Your objective:
Down to the last line, retype each line of the entries exactly, starting with the one that contains "this 1904×1428 image.".
Segment Start: Provided entries
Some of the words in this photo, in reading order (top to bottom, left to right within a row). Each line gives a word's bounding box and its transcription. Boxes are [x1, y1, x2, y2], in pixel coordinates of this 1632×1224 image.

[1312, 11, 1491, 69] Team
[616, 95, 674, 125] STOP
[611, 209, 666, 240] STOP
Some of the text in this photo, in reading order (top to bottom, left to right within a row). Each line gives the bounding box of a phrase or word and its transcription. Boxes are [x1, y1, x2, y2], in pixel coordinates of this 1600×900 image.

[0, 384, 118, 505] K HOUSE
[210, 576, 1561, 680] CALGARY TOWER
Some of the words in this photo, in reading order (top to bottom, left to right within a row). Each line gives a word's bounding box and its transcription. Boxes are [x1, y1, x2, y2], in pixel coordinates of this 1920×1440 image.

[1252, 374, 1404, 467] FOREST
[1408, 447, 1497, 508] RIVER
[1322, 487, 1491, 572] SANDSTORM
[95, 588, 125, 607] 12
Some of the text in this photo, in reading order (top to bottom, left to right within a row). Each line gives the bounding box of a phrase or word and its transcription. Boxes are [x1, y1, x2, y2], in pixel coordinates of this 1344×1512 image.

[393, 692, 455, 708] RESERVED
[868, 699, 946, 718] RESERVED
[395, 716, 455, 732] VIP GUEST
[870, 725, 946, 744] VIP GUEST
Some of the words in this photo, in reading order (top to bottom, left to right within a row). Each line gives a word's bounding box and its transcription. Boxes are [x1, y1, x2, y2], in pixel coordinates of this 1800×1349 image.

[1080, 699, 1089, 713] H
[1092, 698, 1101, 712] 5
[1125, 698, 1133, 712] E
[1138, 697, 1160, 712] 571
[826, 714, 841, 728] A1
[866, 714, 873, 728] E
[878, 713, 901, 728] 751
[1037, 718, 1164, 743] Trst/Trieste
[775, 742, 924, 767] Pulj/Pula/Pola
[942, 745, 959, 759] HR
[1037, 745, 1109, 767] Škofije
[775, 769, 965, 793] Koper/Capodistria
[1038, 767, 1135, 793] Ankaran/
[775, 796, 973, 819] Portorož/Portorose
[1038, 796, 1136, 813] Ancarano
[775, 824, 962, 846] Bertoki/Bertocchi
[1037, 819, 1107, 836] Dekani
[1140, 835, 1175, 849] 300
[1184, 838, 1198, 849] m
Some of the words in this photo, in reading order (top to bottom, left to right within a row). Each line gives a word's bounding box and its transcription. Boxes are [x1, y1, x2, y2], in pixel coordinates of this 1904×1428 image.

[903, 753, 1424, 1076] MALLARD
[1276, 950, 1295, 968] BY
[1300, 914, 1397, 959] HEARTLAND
Segment End: Provided entries
Solved exercise:
Some of the words in this photo, in reading order (top to bottom, left to right within a row). Each line gives a word's bounding box and its transcription. Boxes are [x1, y1, x2, y2], in pixel coordinates of this 1904×1428 image.

[903, 753, 1424, 1076] MALLARD
[1276, 950, 1295, 968] BY
[1300, 914, 1397, 959] HEARTLAND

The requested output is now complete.